Help with filtering bisample_life_stage tracks in variant prediction

Hello,

I am interested in heart expression in embryonic tissue. I am using the variant prediction scores in this way:

variant = genome.Variant(
    chromosome=chrom,
    position=pos,
    reference_bases=ref,
    alternate_bases=alt,
)

interval = variant.reference_interval.resize(dna_client.SEQUENCE_LENGTH_1MB)

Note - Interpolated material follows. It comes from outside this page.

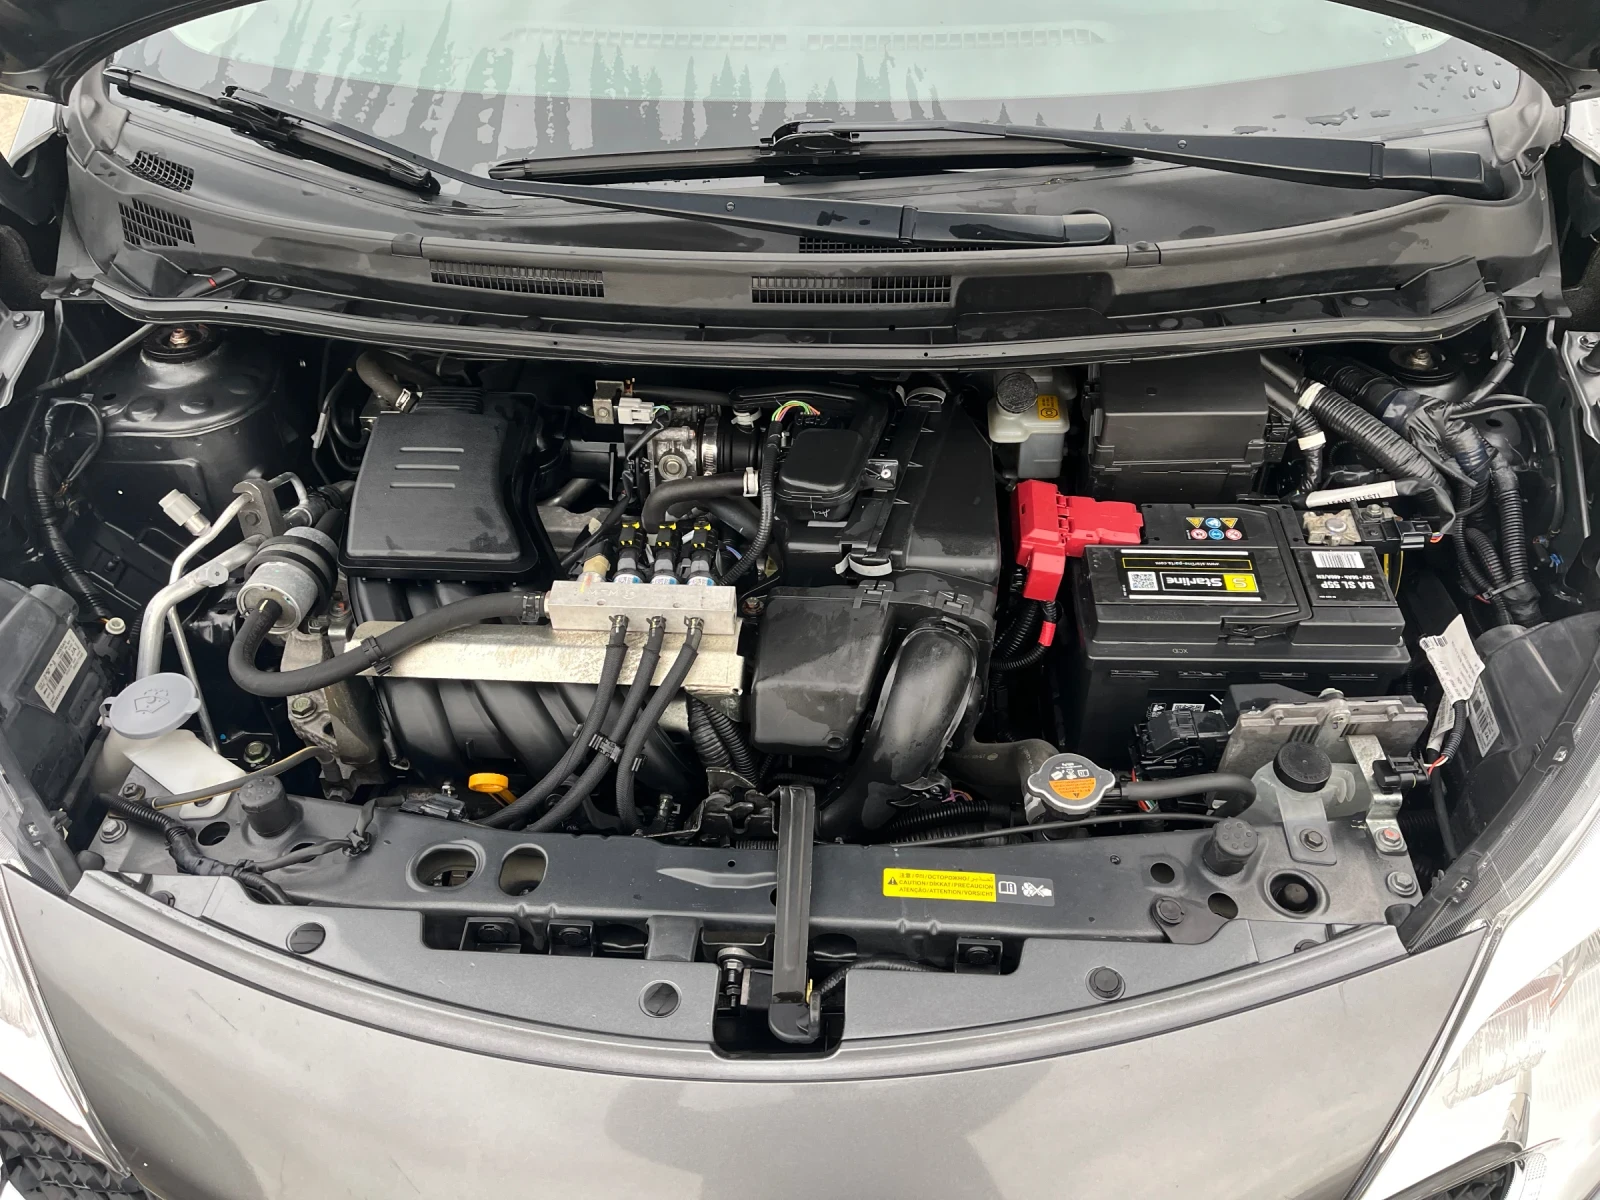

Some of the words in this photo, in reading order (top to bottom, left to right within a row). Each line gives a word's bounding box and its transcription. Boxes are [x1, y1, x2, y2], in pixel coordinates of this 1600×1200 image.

variant_scores = dna_model.score_variant(
    interval=interval,
    variant=variant,
    variant_scorers=[variant_scorers.RECOMMENDED_VARIANT_SCORERS['RNA_SEQ']],
)

df_scores = variant_scorers.tidy_scores(variant_scores)

ontology_terms = ['UBERON:0000948'] # heart

However, looking at the df scores, there is no filter for biosample_life_stage which we can see elsewhere.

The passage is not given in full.